Bug #29977 | MySQL Persian collation (utf8_persian_ci) incorrectly sorts Harakat | ||
---|---|---|---|
Submitted: | 23 Jul 2007 13:28 | Modified: | 29 Sep 2007 18:14 |
Reporter: | Roozbeh Pournader | Email Updates: | |
Status: | Verified | Impact on me: | |
Category: | MySQL Server: Charsets | Severity: | S4 (Feature request) |
Version: | 5.0.22 | OS: | Linux (CentOS 5) |
Assigned to: | Assigned Account | CPU Architecture: | Any |
[23 Jul 2007 13:28]
Roozbeh Pournader
[7 Aug 2007 20:59]
MySQL Verification Team
Bug: http://bugs.mysql.com/bug.php?id=30277 was marked as duplicate of this one.
[24 Aug 2007 13:40]
Peter Gulutzan
Jody McIntyre, who submitted the Persian patch, did check ICU. See http://lists.mysql.com/internals/15841 These are the Unicode characters between 064B and 052: 064B;ARABIC FATHATAN 064C;ARABIC DAMMATAN 064D;ARABIC KASRATAN 064E;ARABIC FATHA 064F;ARABIC DAMMA 0650;ARABIC KASRA 0651;ARABIC SHADDA 0652;ARABIC SUKUN http://www.unicode.org/Public/UNIDATA/UnicodeData.txt Apparently those characters are Harakat, which are vowel marks, and are therefore like Hebrew niqqud. (There is a reference-manual comment about niqqud here: http://dev.mysql.com/doc/refman/5.1/en/charset-unicode-sets.html ). Harakat are combining characters, so Bug#29977 is actually a feature request rather than a bug.
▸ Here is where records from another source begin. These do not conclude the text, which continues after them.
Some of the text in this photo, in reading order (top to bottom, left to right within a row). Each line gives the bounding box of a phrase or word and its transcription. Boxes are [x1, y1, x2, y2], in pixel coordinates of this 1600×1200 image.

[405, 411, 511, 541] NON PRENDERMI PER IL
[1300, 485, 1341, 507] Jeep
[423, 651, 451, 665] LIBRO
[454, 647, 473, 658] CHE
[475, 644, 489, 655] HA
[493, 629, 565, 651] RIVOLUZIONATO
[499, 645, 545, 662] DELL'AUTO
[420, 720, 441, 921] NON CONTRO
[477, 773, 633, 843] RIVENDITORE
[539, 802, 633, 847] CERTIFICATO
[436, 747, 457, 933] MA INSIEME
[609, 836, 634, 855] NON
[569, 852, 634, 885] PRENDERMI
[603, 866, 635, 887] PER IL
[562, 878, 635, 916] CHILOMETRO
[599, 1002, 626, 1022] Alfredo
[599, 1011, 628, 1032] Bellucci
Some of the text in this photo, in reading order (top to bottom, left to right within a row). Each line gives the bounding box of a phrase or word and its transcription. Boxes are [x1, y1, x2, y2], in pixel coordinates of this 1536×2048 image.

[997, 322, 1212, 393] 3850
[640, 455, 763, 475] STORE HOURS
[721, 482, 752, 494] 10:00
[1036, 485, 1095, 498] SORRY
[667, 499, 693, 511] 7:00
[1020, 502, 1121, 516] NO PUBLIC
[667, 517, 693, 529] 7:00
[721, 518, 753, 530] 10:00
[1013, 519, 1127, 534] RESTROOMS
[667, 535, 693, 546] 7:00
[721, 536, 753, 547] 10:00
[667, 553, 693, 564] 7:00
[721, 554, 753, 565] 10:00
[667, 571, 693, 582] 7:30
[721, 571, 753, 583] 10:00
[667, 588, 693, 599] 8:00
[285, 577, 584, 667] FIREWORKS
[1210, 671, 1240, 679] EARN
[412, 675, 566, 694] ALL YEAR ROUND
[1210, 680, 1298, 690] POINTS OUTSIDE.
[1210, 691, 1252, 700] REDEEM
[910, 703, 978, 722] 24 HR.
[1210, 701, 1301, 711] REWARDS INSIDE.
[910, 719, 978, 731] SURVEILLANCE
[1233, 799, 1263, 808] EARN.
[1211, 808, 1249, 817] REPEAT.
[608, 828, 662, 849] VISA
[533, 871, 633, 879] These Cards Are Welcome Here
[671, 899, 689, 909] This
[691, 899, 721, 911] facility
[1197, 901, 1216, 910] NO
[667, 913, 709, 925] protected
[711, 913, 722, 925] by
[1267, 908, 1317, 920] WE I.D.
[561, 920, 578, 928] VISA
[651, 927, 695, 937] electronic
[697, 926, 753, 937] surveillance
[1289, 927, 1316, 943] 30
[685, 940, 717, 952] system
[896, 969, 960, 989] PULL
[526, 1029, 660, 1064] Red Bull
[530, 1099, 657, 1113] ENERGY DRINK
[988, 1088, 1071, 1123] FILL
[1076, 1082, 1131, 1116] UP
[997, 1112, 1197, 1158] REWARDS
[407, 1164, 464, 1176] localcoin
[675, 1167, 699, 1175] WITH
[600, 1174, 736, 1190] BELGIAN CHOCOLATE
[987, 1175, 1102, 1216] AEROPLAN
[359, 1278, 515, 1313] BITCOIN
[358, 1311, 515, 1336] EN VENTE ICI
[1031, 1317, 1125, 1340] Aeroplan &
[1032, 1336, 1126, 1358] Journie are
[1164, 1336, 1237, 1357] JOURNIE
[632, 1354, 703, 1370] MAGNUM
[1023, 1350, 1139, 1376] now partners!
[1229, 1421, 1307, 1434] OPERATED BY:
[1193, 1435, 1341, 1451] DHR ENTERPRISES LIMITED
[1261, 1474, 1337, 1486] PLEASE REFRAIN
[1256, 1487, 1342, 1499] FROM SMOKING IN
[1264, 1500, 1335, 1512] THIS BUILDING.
Accordingly, I am changing the severity to S4. MySQL has two worklog tasks outstanding: - WL#898 Primary, Secondary and Tertiary Sorts - WL#3770 Unicode-compliant comparison and sorting of combining characters Those are not marked as 'private', so they are probably visible on forge.mysql.com, or they soon will be. Without first working on those tasks, Harakat may be difficult, but we wish the best of luck to patch submitters. Incidentally, I think Bug#30277 "Collation for Persian letters" in fact is not a duplicate, it is a non-bug. It appears that the writer of Bug#30277 was merely unaware that utf8_persian_ci exists.
[29 Sep 2007 18:14]
Valeriy Kravchuk
Thank you for a reasonable feature request.